The Emotions of Pregnancy & Parenting
One of the couples I worked with had a very difficult first birth. As a result, they researched other ways to welcome their second baby into the world. This time, they changed their model of care to a more woman-centered model. They completed my course and the mum did all the practices to down-regulate her stress response and work on transforming her fears. She and her partner became a powerful team and communicated what was important to them to their care providers. The result was a stunning example of how different two experiences of giving birth can be.
When I spoke with the mum, she was 6 days post-birth. She made apologies for her emotional vulnerability and tendency to be tearful. Her need to talk to me was about her tendency towards anxiety. She was anxious of being anxious. Her first birth had such a negative impact on her emotional wellbeing that she didn’t know what was normal, now that she had experienced a beautiful, empowered vaginal birth after her caesarean experience.

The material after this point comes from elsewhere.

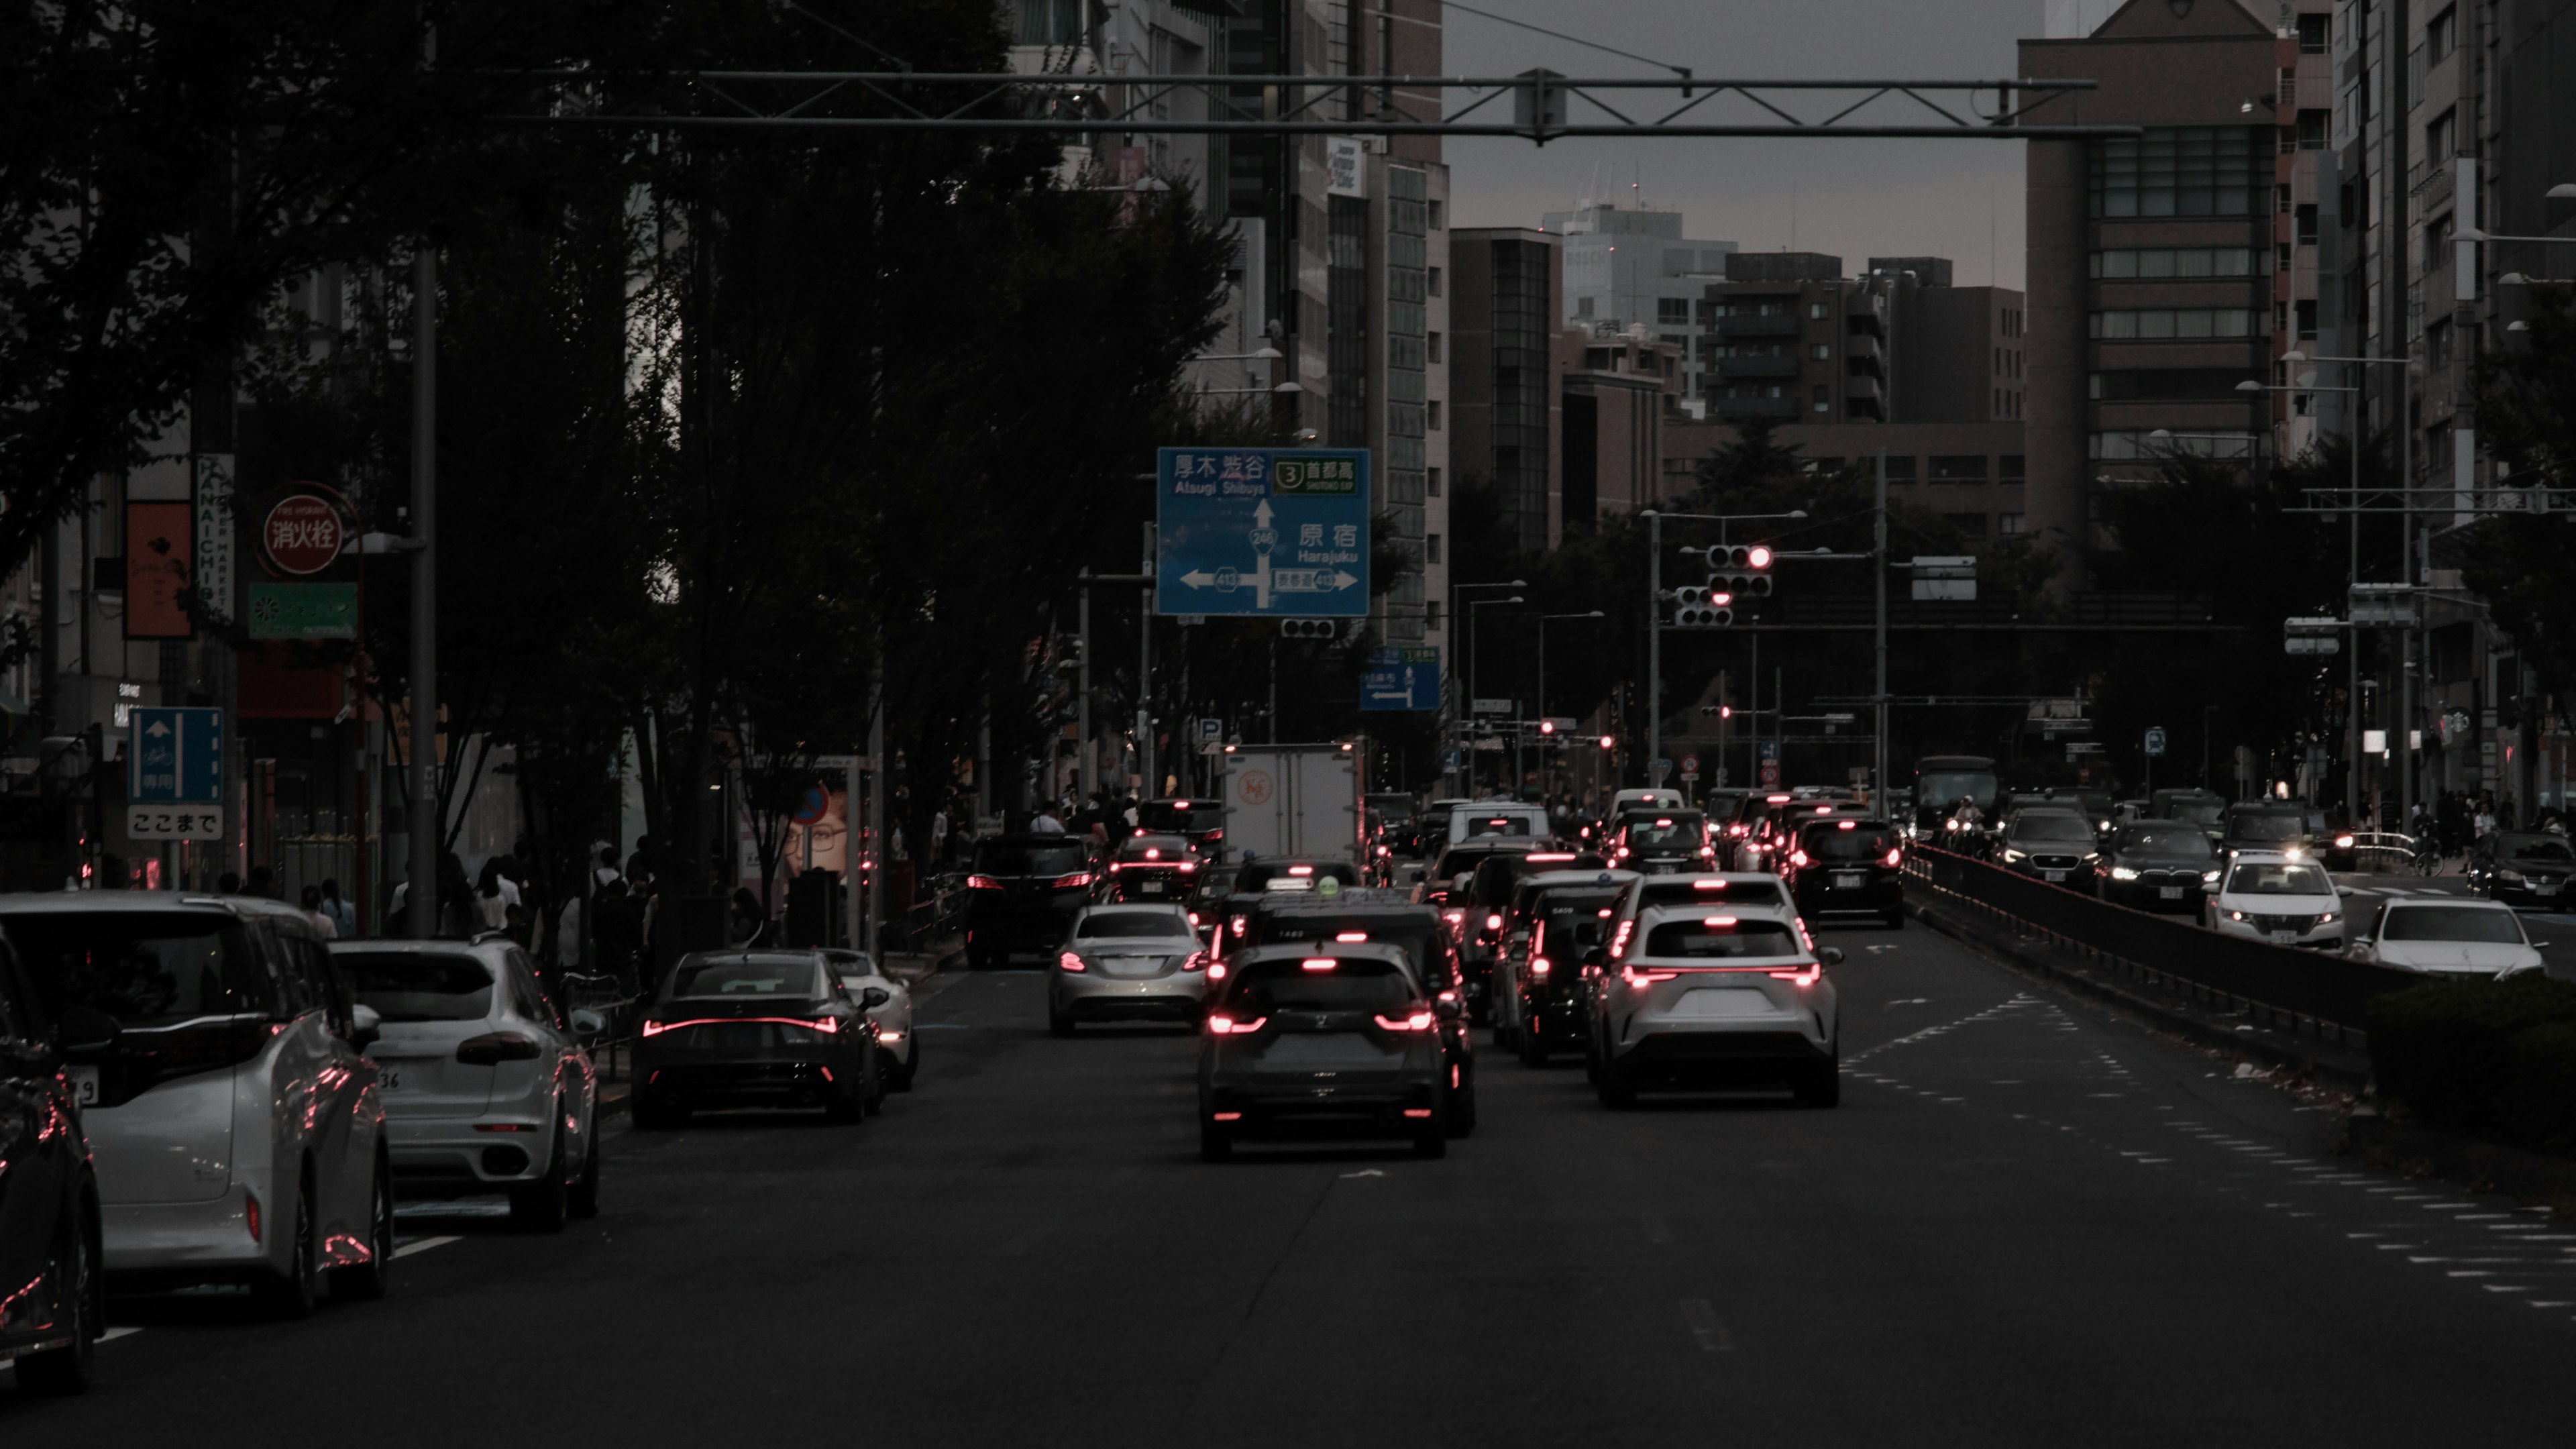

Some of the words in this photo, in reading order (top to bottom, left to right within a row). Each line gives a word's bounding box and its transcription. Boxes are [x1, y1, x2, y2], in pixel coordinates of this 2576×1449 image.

The primal rawness of our feelings as new parents can be scary, particularly when we are used to putting a lid on our feelings and being in control of them. Pregnancy starts to take the lid off the box – and early parenting blows the box apart! We are quick to tease pregnant women about ‘baby brain’. We blame the hormones for taking away her intellect and her ability to think rationally. The emotions spring from nowhere and can leave us feeling raw, vulnerable and very sensitive. Throw in the breastfeeding hormones and you have a cocktail of powerful emotional intelligence.
If we explore the nature of these hormones and why women might be experiencing them in peak levels – it opens the door to us appreciating the intelligence of mother nature’s design.
Your baby needs you to focus on them, feel love towards them, read their cues and sense their needs. Your amygdala, the part of your brain that senses danger, becomes enlarged in pregnancy. It provides you with a deep desire to respond to their needs and protect them against danger. Intellect is not designed for the job and the volume of intellect gets turned down. Thinking and researching what your baby might need is not as effective as knowing what your baby needs. Your hormones are helping you to know, by turning up the volume of your emotional intelligence, making it hard to think.
Reading expert advice, googling, getting advice from others is all noise, and prevents you from reading and knowing your baby.
I explained to this mother that her amygdala has enlarged, making her hypervigilant to danger and protective of her baby. It is a biological necessity to not sleep deeply when you have a newborn baby – our babies are born so vulnerable. I reassured her that her anxiety about the baby is normal for many mothers, and is a healthy response to life with a newborn. I reminded her that if her anxiety starts to become detrimental to her mental health, then she has all the support she needs to get help, just like she did last time.
She thanked me for explaining this, helping to normalise her experience and embrace her strong desire to be with her baby. She looked visibly more relaxed and embraced her mother tiger. 😊
I hope this is helpful to all you precious parents who protect our precious babes.